> _Exercise directions_:
The data that follows is to be given again, exactly as written.

> _Available data_:
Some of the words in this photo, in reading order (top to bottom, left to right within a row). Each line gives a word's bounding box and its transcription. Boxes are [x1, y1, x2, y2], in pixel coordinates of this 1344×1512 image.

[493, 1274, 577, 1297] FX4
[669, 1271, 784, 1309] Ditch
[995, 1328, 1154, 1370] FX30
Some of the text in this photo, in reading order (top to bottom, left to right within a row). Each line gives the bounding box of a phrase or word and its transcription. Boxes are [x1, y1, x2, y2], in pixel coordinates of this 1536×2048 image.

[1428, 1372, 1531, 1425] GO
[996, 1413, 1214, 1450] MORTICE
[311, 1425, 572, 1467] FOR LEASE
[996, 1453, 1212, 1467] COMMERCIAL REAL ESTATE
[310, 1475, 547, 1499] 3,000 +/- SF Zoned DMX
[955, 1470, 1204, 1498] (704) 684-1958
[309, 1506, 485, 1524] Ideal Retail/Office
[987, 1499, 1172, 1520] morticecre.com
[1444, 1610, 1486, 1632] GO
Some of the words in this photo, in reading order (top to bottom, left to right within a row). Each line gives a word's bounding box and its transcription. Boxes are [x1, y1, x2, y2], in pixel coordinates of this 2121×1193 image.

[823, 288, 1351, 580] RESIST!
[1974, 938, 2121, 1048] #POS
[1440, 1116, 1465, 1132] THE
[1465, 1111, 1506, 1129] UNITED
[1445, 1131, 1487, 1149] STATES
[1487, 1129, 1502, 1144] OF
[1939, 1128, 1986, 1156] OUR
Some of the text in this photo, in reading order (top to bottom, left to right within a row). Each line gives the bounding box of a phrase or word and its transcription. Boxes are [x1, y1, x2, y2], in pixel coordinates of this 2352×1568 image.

> _Solution below_:
Some of the words in this photo, in reading order (top to bottom, left to right within a row). Each line gives a word's bounding box and its transcription. Boxes are [x1, y1, x2, y2], in pixel coordinates of this 1344×1512 image.

[493, 1274, 577, 1297] FX4
[669, 1271, 784, 1309] Ditch
[995, 1328, 1154, 1370] FX30
Some of the text in this photo, in reading order (top to bottom, left to right within a row). Each line gives the bounding box of a phrase or word and its transcription. Boxes are [x1, y1, x2, y2], in pixel coordinates of this 1536×2048 image.

[1428, 1372, 1531, 1425] GO
[996, 1413, 1214, 1450] MORTICE
[311, 1425, 572, 1467] FOR LEASE
[996, 1453, 1212, 1467] COMMERCIAL REAL ESTATE
[310, 1475, 547, 1499] 3,000 +/- SF Zoned DMX
[955, 1470, 1204, 1498] (704) 684-1958
[309, 1506, 485, 1524] Ideal Retail/Office
[987, 1499, 1172, 1520] morticecre.com
[1444, 1610, 1486, 1632] GO
Some of the words in this photo, in reading order (top to bottom, left to right within a row). Each line gives a word's bounding box and its transcription. Boxes are [x1, y1, x2, y2], in pixel coordinates of this 2121×1193 image.

[823, 288, 1351, 580] RESIST!
[1974, 938, 2121, 1048] #POS
[1440, 1116, 1465, 1132] THE
[1465, 1111, 1506, 1129] UNITED
[1445, 1131, 1487, 1149] STATES
[1487, 1129, 1502, 1144] OF
[1939, 1128, 1986, 1156] OUR
Some of the text in this photo, in reading order (top to bottom, left to right within a row). Each line gives the bounding box of a phrase or word and its transcription. Boxes are [x1, y1, x2, y2], in pixel coordinates of this 2352×1568 image.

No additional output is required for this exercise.